Omelia del Santo Padre

Traduzione in lingua francese

Alle ore 9.30 di questa mattina, nella Basilica Vaticana, il Santo Padre Francesco ha presieduto la Santa Messa per la comunità congolese a Roma.

Pubblichiamo di seguito l’Omelia che il Papa ha pronunciato nel corso della Celebrazione Eucaristica:

 

Omelia del Santo Padre

Bobóto [Pace] R/ Bondeko [Fraternità]

Bondéko [Fraternità] R/ Esengo [Gioia]

Esengo, gioia: la Parola di Dio che abbiamo ascoltato ci riempie di gioia. Perché, fratelli e sorelle? Perché, come dice Gesù nel Vangelo, «il Regno di Dio è vicino» (Lc 10,11). È vicino: non ancora raggiunto, in parte nascosto, ma prossimo a noi. E questa vicinanza di Dio in Gesù, questa vicinanza di Dio che è Gesù, è la fonte della nostra gioia: siamo amati e non siamo mai lasciati soli. Però la gioia che nasce dalla vicinanza di Dio, mentre dà pace, non lascia in pace. Dà pace e non ci lascia in pace, una gioia speciale. Provoca in noi una svolta: riempie di stupore, sorprende, cambia la vita. E l’incontro con il Signore è un continuo incominciare, un continuo fare un passo in avanti. Il Signore ci cambia la vita sempre. È quello che accade ai discepoli nel Vangelo: per annunciare la vicinanza di Dio vanno lontano, vanno in missione. Perché chi accoglie Gesù sente di doverlo imitare, di fare come Lui ha fatto, che ha lasciato il cielo per servirci in terra, ed esce da sé stesso. Dunque, se ci chiediamo qual è il nostro compito nel mondo, che cosa dobbiamo fare come Chiesa nella storia, la risposta del Vangelo è chiara: la missione. Andare in missione, portare l’Annuncio, far sapere che Gesù è venuto dal Padre.

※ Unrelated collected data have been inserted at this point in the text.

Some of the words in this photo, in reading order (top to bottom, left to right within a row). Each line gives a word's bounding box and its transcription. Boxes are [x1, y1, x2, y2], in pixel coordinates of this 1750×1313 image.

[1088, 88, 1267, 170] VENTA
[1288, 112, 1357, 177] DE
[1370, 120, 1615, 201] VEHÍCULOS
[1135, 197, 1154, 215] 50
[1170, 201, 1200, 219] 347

Da cristiani non possiamo accontentarci di vivacchiare nella mediocrità. E questa è una malattia; tanti cristiani, anche tutti noi abbiamo il pericolo di vivacchiare nella mediocrità, facendo i conti con le nostre opportunità e convenienze, vivendo alla giornata. No, siamo missionari di Gesù. Tutti siamo missionari di Gesù. Ma tu puoi dire: “Io non so come si fa, non sono capace!”. Il Vangelo ci stupisce ancora, mostrandoci il Signore che invia i discepoli senza aspettare che siano pronti e ben allenati: non erano con Lui da molto tempo, eppure li manda. Non avevano fatto studi di teologia, eppure li manda. E anche il modo in cui li invia è pieno di sorprese. Cogliamo dunque tre sorprese, tre cose che ci stupiscono, tre sorprese missionarie che Gesù riserva ai discepoli e riserva a ciascuno di noi se noi lo ascoltiamo.

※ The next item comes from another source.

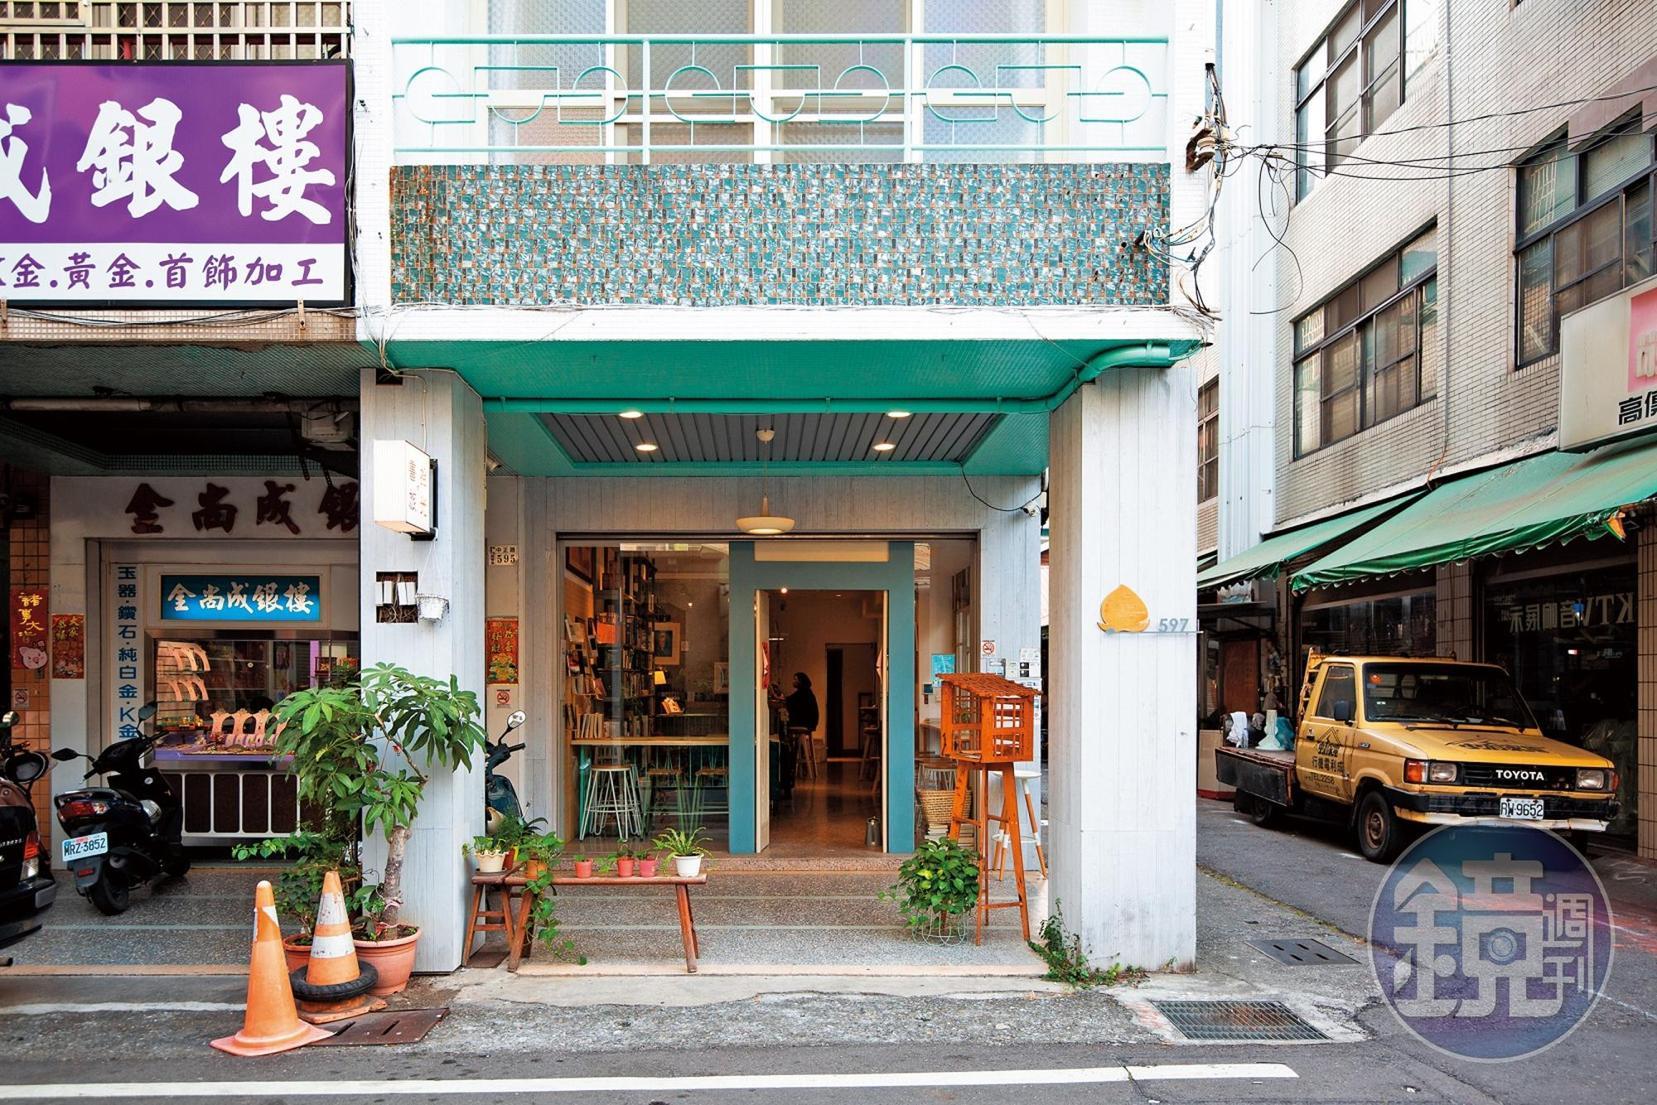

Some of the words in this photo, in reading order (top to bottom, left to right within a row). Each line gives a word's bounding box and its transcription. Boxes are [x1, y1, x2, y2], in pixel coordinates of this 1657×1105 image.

[0, 252, 323, 291] 金.黃金.首飾加工
[497, 554, 516, 564] 595
[1158, 618, 1189, 632] 597
[1495, 769, 1545, 781] TOYOTA

Prima sorpresa: l’equipaggiamento. Per affrontare una missione in luoghi sconosciuti occorre prendere con sé diverse cose, certamente quelle essenziali. Gesù, invece, non dice che cosa prendere, ma che cosa non prendere: «Non portate borsa, né sacca, né sandali» (v. 4). Praticamente nulla: nessun bagaglio, nessuna sicurezza, nessun aiuto. Spesso pensiamo che le nostre iniziative ecclesiali non funzionino a dovere perché ci mancano strutture, ci mancano soldi, ci mancano mezzi: questo non è vero. La smentita viene da Gesù stesso. Fratelli, sorelle, non confidiamo nelle ricchezze e non temiamo le nostre povertà, materiali e umane. Più siamo liberi e semplici, piccoli e umili, più lo Spirito Santo guida la missione e ci fa protagonisti delle sue meraviglie. Lasciare spazio allo Spirito Santo!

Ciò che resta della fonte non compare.